Libre propos, Dr Aristide Mamfoumbi : LE GABON, UNE SUCCURSALE FINANCIÈRE DE LA FRANCE ? LEVÉE DE VOILE SUR DES ACCORDS COLONIAUX ENCORE ACTIF

Alors que des enfants gabonais apprennent encore sous les arbres, que nos hôpitaux sont privés de médicaments élémentaires, et que de nombreuses routes se transforment en pièges mortels à chaque saison des pluies, il est urgent de poser une question : où va réellement l’argent du Gabon ?

Derrière la façade de la coopération franco-gabonaise, des accords coloniaux signés depuis les années 1960 continuent d’étrangler les ressources de notre pays. Ce sont des accords dits « de coopération monétaire », mais qui, dans les faits, font de la France un banquier impérial, et du Gabon, un client captif.

LE CFA : UN OUTIL DE DOMINATION SILENCIEUSE

Le Franc CFA, utilisé au Gabon, est contrôlé par le Trésor public français. En vertu des accords signés à l’indépendance, le Gabon est obligé de déposer 50 % de ses réserves de change dans un compte d’opérations logé au Trésor français, à Paris.

Autrement dit, notre richesse nationale est stockée en France, sous le contrôle de la Banque de France, et toute décision d’utilisation passe par une validation extérieure.

En 2024 encore, le Gabon ne peut émettre de la monnaie, ni accéder pleinement à ses propres réserves, sans l’approbation de Paris.

COMBIEN LA FRANCE GAGNE-T-ELLE VRAIMENT ?

Les montants sont difficilement accessibles, car les accords sont entourés de clauses de confidentialité, dignes d’un pacte occulte.
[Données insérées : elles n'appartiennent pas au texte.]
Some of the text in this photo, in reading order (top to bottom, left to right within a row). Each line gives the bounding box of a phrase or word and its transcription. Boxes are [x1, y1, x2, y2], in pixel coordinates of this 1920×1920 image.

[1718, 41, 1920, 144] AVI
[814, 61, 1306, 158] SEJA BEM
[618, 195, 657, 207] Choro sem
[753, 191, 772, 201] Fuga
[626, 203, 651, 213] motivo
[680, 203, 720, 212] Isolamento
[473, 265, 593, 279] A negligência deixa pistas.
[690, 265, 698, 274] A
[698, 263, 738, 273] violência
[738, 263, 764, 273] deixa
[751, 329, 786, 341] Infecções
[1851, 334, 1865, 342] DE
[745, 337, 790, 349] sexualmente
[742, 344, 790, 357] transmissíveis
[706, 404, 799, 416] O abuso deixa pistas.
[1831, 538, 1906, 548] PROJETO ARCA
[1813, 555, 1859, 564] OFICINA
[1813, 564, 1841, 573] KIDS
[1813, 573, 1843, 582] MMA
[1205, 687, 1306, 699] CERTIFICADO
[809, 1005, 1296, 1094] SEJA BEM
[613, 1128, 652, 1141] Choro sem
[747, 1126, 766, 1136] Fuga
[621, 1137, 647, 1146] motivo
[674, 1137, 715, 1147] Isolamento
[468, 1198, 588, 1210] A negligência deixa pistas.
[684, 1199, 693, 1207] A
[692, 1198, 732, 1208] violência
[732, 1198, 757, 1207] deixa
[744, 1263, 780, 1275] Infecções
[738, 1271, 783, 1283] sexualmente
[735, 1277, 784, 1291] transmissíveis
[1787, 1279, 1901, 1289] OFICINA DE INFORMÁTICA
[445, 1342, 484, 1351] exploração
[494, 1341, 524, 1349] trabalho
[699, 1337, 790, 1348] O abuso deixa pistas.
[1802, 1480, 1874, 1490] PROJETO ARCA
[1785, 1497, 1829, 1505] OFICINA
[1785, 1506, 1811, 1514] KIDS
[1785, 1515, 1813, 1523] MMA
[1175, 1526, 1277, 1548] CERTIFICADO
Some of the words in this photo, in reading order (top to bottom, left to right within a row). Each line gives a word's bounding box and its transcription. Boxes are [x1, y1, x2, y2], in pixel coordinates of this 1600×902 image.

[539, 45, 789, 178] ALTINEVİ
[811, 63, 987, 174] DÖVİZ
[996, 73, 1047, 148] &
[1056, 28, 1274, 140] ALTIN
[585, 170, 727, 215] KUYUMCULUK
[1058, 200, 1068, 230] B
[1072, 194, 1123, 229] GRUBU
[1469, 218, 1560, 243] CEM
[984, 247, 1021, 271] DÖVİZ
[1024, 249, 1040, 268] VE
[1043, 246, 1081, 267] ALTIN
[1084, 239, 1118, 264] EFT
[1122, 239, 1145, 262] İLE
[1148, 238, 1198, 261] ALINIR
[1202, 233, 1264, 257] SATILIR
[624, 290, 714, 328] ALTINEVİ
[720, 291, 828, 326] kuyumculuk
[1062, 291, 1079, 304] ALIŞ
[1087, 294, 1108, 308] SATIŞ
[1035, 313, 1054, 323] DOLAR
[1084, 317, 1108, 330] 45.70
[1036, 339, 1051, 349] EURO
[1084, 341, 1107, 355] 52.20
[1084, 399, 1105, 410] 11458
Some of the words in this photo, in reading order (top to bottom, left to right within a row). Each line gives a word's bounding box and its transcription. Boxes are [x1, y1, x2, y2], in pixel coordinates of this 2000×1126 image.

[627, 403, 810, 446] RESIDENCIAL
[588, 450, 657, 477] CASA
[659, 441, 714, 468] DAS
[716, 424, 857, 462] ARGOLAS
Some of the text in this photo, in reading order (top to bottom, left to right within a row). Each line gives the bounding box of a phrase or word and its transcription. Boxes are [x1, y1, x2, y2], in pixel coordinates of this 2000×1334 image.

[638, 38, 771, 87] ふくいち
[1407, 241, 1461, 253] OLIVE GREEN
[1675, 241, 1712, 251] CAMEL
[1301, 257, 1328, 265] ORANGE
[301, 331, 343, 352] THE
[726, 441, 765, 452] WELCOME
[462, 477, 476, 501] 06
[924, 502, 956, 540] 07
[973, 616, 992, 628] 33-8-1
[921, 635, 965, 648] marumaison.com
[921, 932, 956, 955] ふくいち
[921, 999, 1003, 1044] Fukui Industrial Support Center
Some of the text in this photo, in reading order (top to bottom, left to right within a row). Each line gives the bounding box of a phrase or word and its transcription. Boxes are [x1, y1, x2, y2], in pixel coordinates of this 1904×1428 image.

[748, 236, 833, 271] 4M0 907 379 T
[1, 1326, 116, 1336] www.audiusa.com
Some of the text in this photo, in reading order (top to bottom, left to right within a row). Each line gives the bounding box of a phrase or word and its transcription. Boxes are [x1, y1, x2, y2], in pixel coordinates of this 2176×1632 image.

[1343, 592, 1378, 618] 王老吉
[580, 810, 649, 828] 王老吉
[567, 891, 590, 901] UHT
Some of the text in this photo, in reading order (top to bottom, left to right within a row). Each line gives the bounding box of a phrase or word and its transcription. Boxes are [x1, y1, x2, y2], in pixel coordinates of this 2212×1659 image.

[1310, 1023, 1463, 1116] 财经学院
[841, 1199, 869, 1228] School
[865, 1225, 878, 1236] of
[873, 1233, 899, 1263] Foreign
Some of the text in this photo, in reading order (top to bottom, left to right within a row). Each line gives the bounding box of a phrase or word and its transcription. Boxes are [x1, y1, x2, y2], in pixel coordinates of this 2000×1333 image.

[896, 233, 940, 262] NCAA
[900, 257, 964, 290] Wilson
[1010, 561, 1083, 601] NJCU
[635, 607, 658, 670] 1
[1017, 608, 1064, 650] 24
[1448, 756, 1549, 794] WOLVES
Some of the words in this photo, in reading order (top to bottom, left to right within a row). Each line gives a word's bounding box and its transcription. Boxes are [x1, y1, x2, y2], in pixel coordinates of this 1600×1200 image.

Mais selon plusieurs économistes africains et rapports indépendants :

La zone franc rapporte des milliards d’euros à la France chaque année, à travers les intérêts sur les réserves africaines et la stabilité monétaire qu’elle assure à l’euro grâce à nos devises.

Le Gabon contribue indirectement à ce système par ses recettes pétrolières, forestières et minières, dont une bonne partie transite par des multinationales françaises bénéficiant de conditions fiscales avantageuses.

On estime que plus de 300 milliards de francs CFA quittent l’Afrique centrale chaque année pour alimenter les circuits financiers français.

LE SILENCE POLITIQUE : UN CONSENTEMENT DÉGUISÉ ?

Pourquoi nos dirigeants n’en parlent-ils jamais ? Parce qu’une partie des élites est cooptée. Elles reçoivent des soutiens politiques, des postes internationaux ou des faveurs discrètes, à condition de ne jamais remettre en cause ces accords coloniaux.

En contrepartie du silence, les peuples, eux, payent le prix fort : chômage massif, exode des cerveaux, pauvreté structurelle.

CE QUE LE PEUPLE DOIT SAVOIR ET EXIGER

Le peuple gabonais a le droit de savoir que :

1. Le Gabon n’est pas libre économiquement.

2. Nos ressources sont garanties à l’ancienne puissance coloniale, sans transparence ni retour équitable.

3. L’avenir des générations futures est compromis si nous ne rompons pas avec ce système injuste.

SORTIR DE L’OMBRE, ENTRER DANS LA SOUVERAINETÉ

Les pratiques occultes issues de la colonisation ne sont pas de l’histoire ancienne. Elles sont vivantes, actives, et organisées. Mais ce qui a été signé peut être renégocié. Ce qui a été accepté dans le silence peut être rejeté dans la lumière.

Le peuple gabonais doit réclamer un audit des accords franco-gabonais, l’arrêt du pillage organisé de nos ressources, et la reconquête de sa souveraineté monétaire.

Il est temps que le Gabon cesse d’être une succursale financière et redevienne une Nation digne, maîtresse de son destin.